Escrow Accounts: How Mortgage Lenders Handle Property Taxes

Most mortgage lenders require an escrow account (also called an impound account) to hold funds for property taxes and homeowner's insurance. Instead of paying a large lump sum once or twice a year, you pay one-twelfth of the annual property tax with each monthly mortgage payment. The lender deposits this into escrow and pays the tax bill on your behalf when it comes due.

Lenders perform an annual escrow analysis to ensure the account has enough funds to cover upcoming bills. If your property tax increases, your monthly mortgage payment will increase to cover the shortfall. Conversely, if your taxes decrease (perhaps due to a successful appeal), you may receive a refund or see your payment drop. Federal law (RESPA) limits the escrow cushion to two months' worth of payments.

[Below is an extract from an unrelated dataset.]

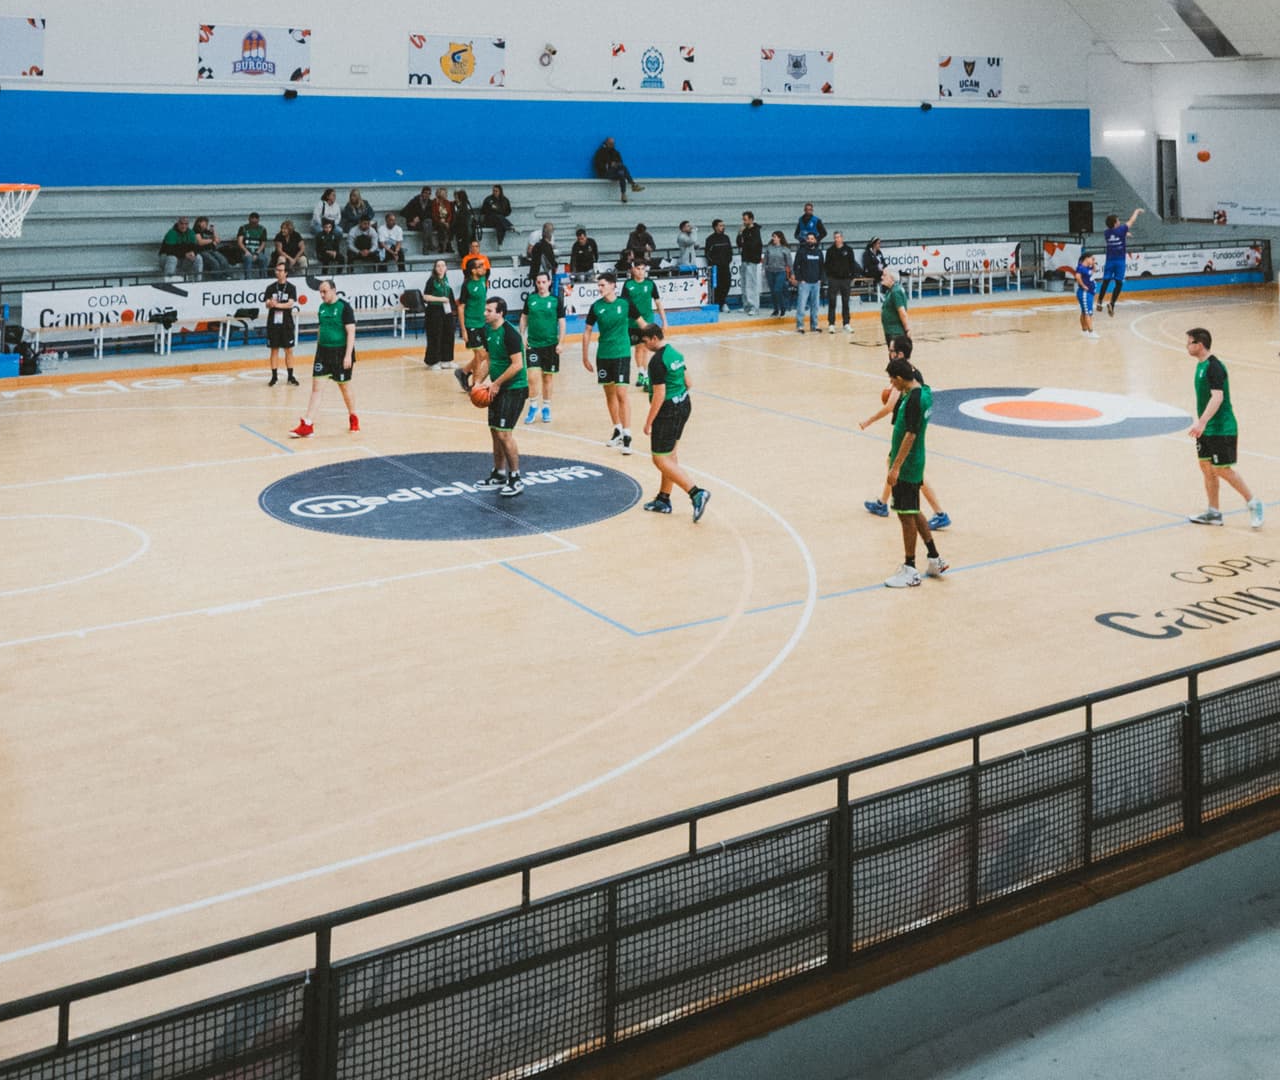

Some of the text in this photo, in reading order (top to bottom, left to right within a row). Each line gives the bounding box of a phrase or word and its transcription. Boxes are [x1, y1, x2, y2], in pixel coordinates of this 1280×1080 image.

If your mortgage is paid off or your loan-to-value ratio is low enough, you may be able to waive escrow and pay property taxes directly. This gives you more control over timing but requires discipline to save for the tax bill.

Worked Example: Property Tax Calculation

Let us walk through a complete example for a $400,000 home in Texas with a school district homestead exemption:

ComponentValue
Market Value$400,000
Assessment Ratio (TX = 100%)$400,000
Homestead Exemption (school)-$100,000
Taxable Value (school)$300,000
School District Rate1.05%
School District Tax$3,150
County + City + Other (on $400K)0.63%
Non-School Tax$2,520
Total Annual Property Tax$5,670
Monthly (in escrow)$472.50

Without the $100,000 homestead exemption, the school tax alone would be $4,200, bringing the total to $6,720. The exemption saves this homeowner $1,050 per year. This illustrates why filing for your homestead exemption is one of the easiest ways to reduce your property tax bill.

Special Assessments and Supplemental Taxes

Beyond regular property taxes, homeowners may face special assessments — one-time or limited-term charges for specific improvements like new sidewalks, sewer upgrades, or road paving. These assessments are levied on properties that directly benefit from the improvement. Unlike regular property taxes, special assessments are not based on property value but on factors like lot frontage or a flat per-parcel amount.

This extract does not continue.